CNV analysis by SOPHiA DDM™ is performed based on coverage analysis of targeted regions. Our CNV algorithm automatically selects reference samples among the samples within the same run to perform normalization. We apply a double normalization to account for both sample-specific and region-specific biases. CNV detection is performed by using a hidden-Markov-model algorithm to find CNVs spanning adjacent regions. Additionally, the algorithm provides quality measures for each sample based on the residual noise.
What is the reasoning behind SOPHiA GENETICS’ approach?
Our normalization approach corrects for read-depth variations among regions by leveraging information from different samples in the same run. Assuming that all samples are processed in parallel, the double-normalization step corrects for all sources of targeted sequencing bias mentioned earlier. We also use our knowledge of the genome to curate target regions for each specific exome panel so that regions that would be problematic for our CNV detection algorithm are excluded, e.g., regions with systematically low coverage, high noise, or polymorphic or homologous regions.

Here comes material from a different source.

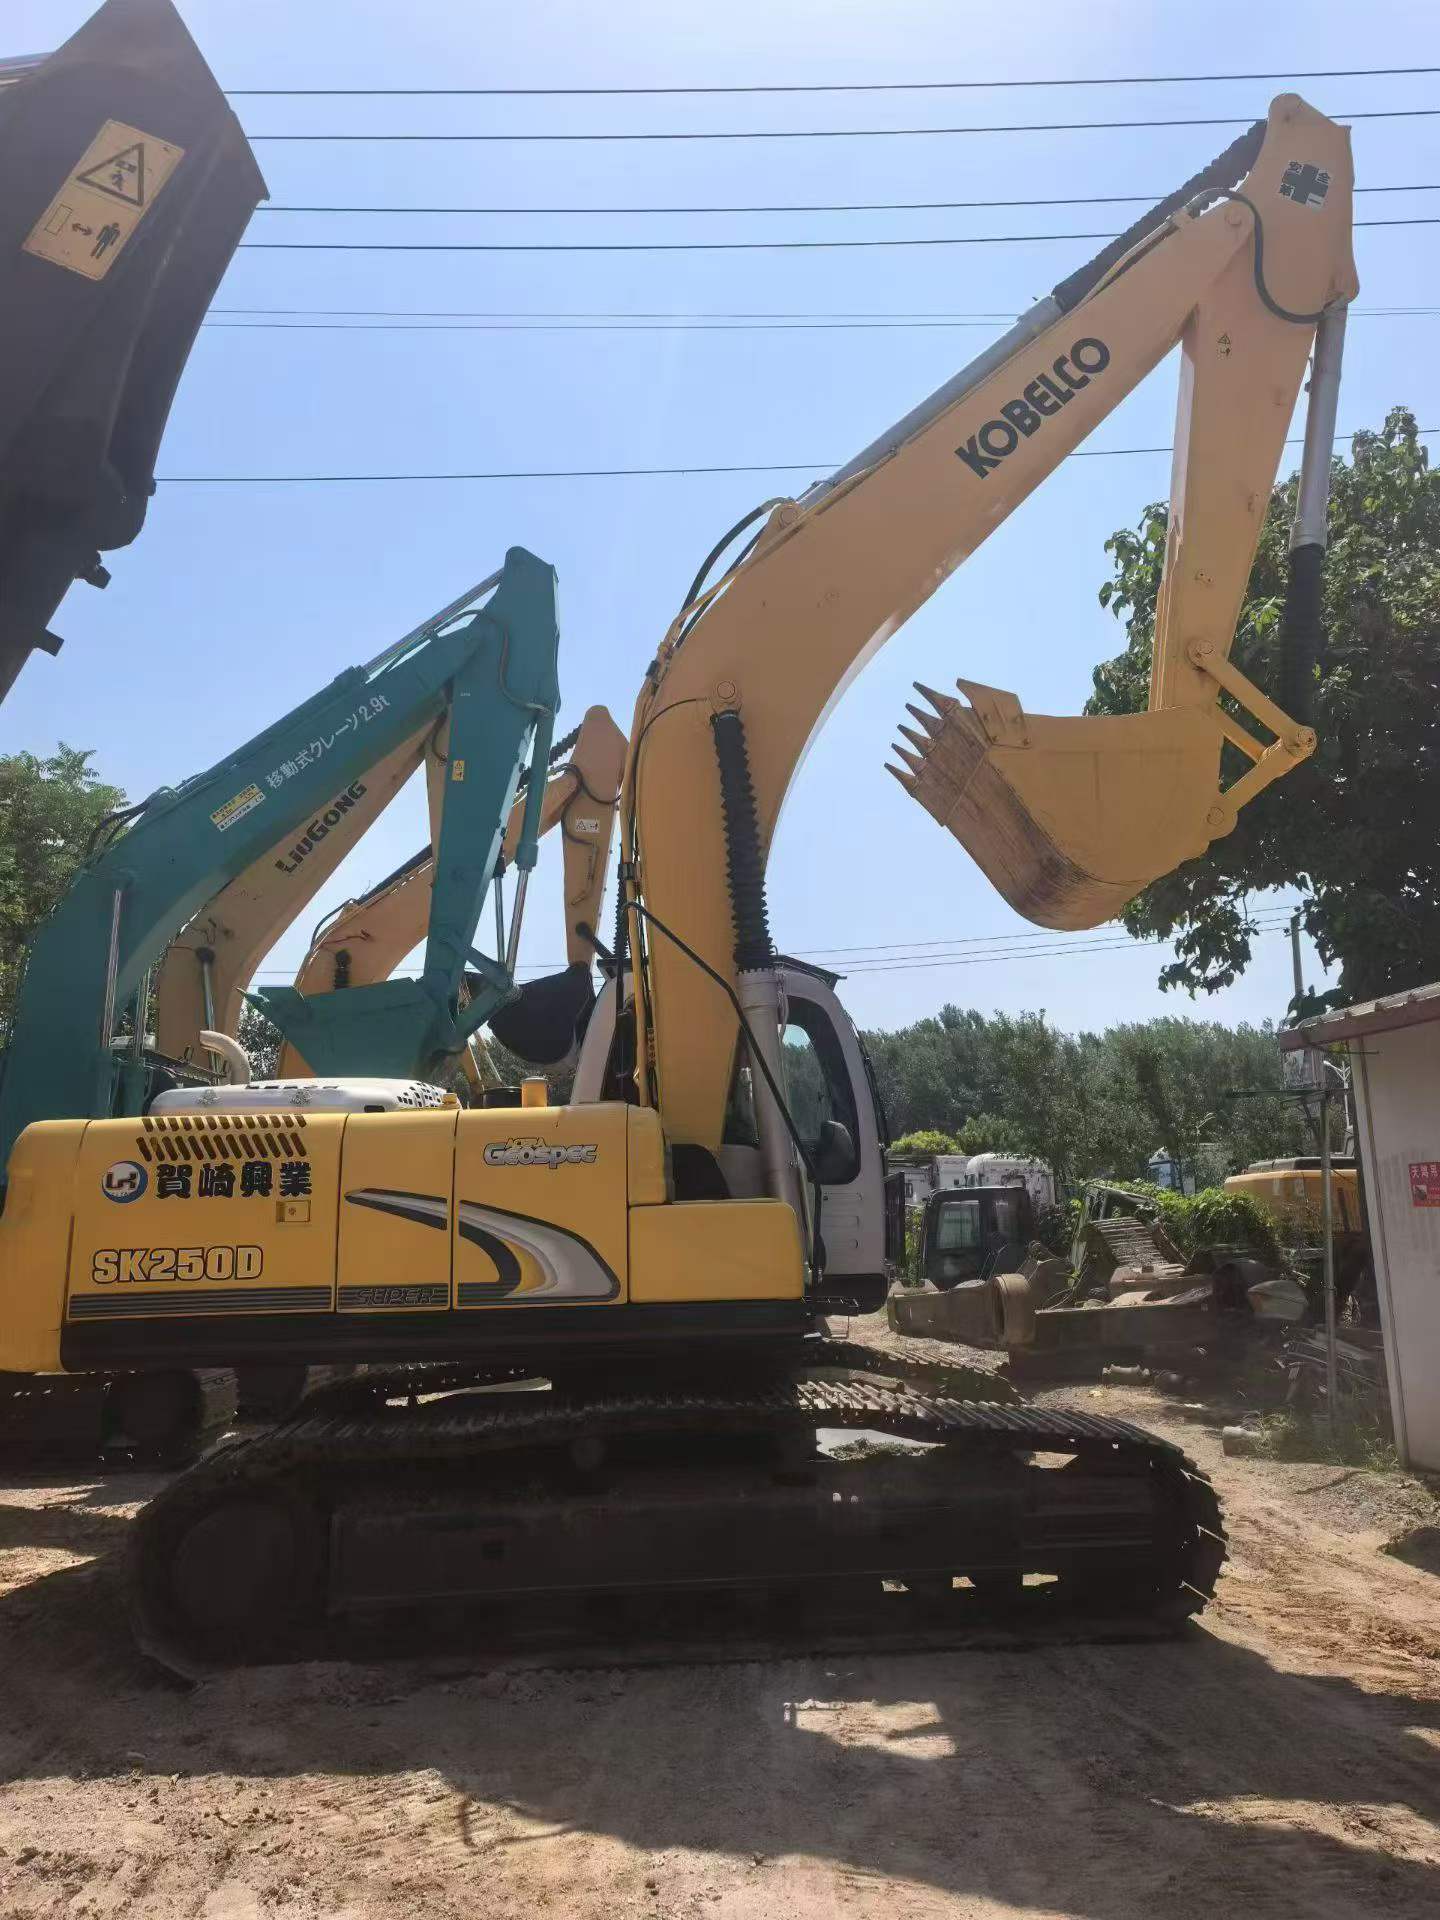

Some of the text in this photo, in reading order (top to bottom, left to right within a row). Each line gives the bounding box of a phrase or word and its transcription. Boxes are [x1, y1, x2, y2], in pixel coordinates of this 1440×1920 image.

[954, 337, 1111, 480] KOBELCO
[274, 780, 368, 873] LIUGONG
[93, 1245, 263, 1284] SK250D

What parameters does the exome sequencing panel need to achieve for good quality results?
Datasets with high coverage and low capture bias achieve high-quality results.
What resolution of CNVs can be achieved?
It depends on the exome panel, but with high-quality panels (good probe design) and deep sequencing depth (~600x), we can achieve even single-exon resolution.
What sets SOPHiA GENETICS’ CNV-calling algorithm apart from others?
Four key features set the SOPHiA GENETICS CNV-calling algorithm apart from others. The algorithm…
- efficiently normalizes coverage without relying on predefined parameters
- uses the Hidden-Markov-Model with optimized parameters to call CNVs while considering CNV frequency and length
- provides quality measures for each sample
- curates target regions for each exome panel by excluding regions not appropriate for our CNV detection algorithm.